■ WHAT IS REQUIRED ■
Retype the data that follows, keeping every character the same.

"""

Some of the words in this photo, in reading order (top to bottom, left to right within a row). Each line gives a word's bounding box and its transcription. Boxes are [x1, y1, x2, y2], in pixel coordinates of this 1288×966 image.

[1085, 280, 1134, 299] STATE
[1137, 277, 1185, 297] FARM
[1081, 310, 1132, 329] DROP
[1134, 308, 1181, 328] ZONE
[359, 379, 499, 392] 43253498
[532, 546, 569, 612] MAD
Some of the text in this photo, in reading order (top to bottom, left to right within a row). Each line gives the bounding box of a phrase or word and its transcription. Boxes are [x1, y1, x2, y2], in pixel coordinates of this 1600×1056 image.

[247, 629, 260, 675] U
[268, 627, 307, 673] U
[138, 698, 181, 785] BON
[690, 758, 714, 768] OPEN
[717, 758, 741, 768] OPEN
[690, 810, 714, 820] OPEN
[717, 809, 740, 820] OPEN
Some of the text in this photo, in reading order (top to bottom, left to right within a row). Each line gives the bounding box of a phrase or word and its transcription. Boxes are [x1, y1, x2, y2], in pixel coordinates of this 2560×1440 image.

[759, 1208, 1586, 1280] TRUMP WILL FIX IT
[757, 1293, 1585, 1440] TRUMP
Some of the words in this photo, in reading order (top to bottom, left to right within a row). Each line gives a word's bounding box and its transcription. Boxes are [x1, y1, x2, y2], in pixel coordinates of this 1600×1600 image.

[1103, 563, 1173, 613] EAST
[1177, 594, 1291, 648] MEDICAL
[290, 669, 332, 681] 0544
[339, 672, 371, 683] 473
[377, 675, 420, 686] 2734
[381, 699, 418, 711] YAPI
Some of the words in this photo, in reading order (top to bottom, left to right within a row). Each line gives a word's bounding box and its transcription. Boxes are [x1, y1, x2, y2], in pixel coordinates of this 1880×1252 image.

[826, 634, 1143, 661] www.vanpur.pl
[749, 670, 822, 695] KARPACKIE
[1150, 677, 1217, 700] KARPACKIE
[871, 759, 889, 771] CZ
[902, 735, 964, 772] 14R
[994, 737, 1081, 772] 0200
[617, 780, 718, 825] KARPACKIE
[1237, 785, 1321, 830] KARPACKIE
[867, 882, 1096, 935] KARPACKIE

"""

■ WRITTEN ANSWER ■
Some of the words in this photo, in reading order (top to bottom, left to right within a row). Each line gives a word's bounding box and its transcription. Boxes are [x1, y1, x2, y2], in pixel coordinates of this 1288×966 image.

[1085, 280, 1134, 299] STATE
[1137, 277, 1185, 297] FARM
[1081, 310, 1132, 329] DROP
[1134, 308, 1181, 328] ZONE
[359, 379, 499, 392] 43253498
[532, 546, 569, 612] MAD
Some of the text in this photo, in reading order (top to bottom, left to right within a row). Each line gives the bounding box of a phrase or word and its transcription. Boxes are [x1, y1, x2, y2], in pixel coordinates of this 1600×1056 image.

[247, 629, 260, 675] U
[268, 627, 307, 673] U
[138, 698, 181, 785] BON
[690, 758, 714, 768] OPEN
[717, 758, 741, 768] OPEN
[690, 810, 714, 820] OPEN
[717, 809, 740, 820] OPEN
Some of the text in this photo, in reading order (top to bottom, left to right within a row). Each line gives the bounding box of a phrase or word and its transcription. Boxes are [x1, y1, x2, y2], in pixel coordinates of this 2560×1440 image.

[759, 1208, 1586, 1280] TRUMP WILL FIX IT
[757, 1293, 1585, 1440] TRUMP
Some of the words in this photo, in reading order (top to bottom, left to right within a row). Each line gives a word's bounding box and its transcription. Boxes are [x1, y1, x2, y2], in pixel coordinates of this 1600×1600 image.

[1103, 563, 1173, 613] EAST
[1177, 594, 1291, 648] MEDICAL
[290, 669, 332, 681] 0544
[339, 672, 371, 683] 473
[377, 675, 420, 686] 2734
[381, 699, 418, 711] YAPI
Some of the words in this photo, in reading order (top to bottom, left to right within a row). Each line gives a word's bounding box and its transcription. Boxes are [x1, y1, x2, y2], in pixel coordinates of this 1880×1252 image.

[826, 634, 1143, 661] www.vanpur.pl
[749, 670, 822, 695] KARPACKIE
[1150, 677, 1217, 700] KARPACKIE
[871, 759, 889, 771] CZ
[902, 735, 964, 772] 14R
[994, 737, 1081, 772] 0200
[617, 780, 718, 825] KARPACKIE
[1237, 785, 1321, 830] KARPACKIE
[867, 882, 1096, 935] KARPACKIE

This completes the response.